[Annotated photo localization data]
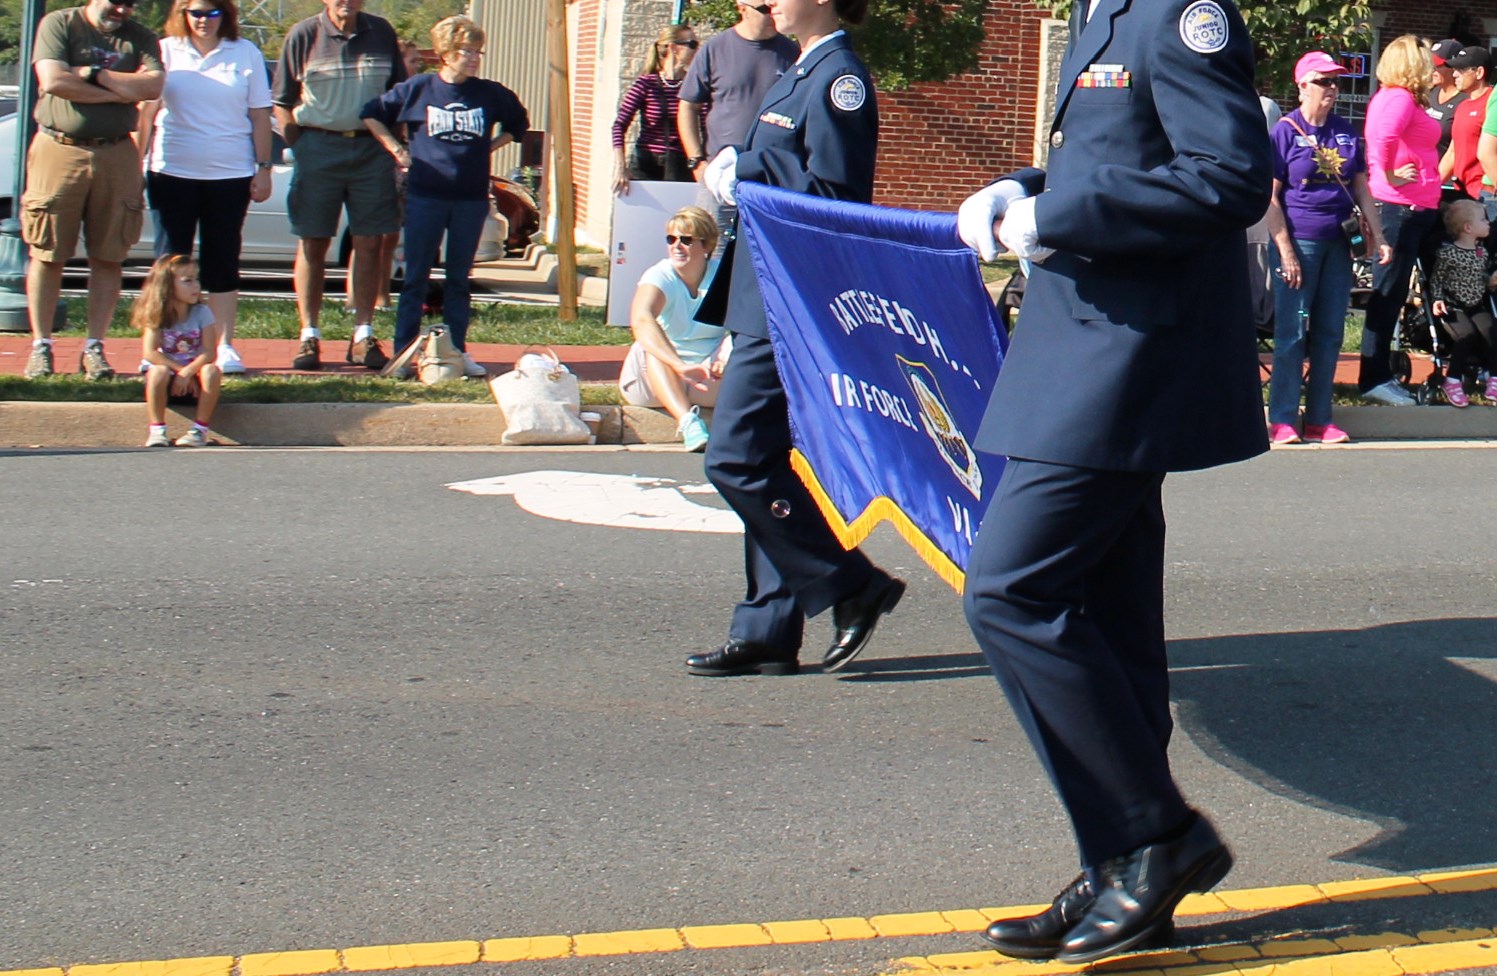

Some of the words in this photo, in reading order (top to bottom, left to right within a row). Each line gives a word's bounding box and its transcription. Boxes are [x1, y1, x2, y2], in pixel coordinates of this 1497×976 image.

[1187, 11, 1197, 24] AIR
[1198, 7, 1219, 19] FORCE
[1194, 21, 1219, 32] JUNIOR
[1193, 27, 1223, 41] ROTC
[838, 94, 860, 102] ROTC
[427, 105, 454, 137] PENN
[455, 106, 484, 137] STATE

THE TASK: Without any of its images, the data above should be returned exactly.

ANSWER FOR THE TASK:
Some of the words in this photo, in reading order (top to bottom, left to right within a row). Each line gives a word's bounding box and its transcription. Boxes are [x1, y1, x2, y2], in pixel coordinates of this 1497×976 image.

[1187, 11, 1197, 24] AIR
[1198, 7, 1219, 19] FORCE
[1194, 21, 1219, 32] JUNIOR
[1193, 27, 1223, 41] ROTC
[838, 94, 860, 102] ROTC
[427, 105, 454, 137] PENN
[455, 106, 484, 137] STATE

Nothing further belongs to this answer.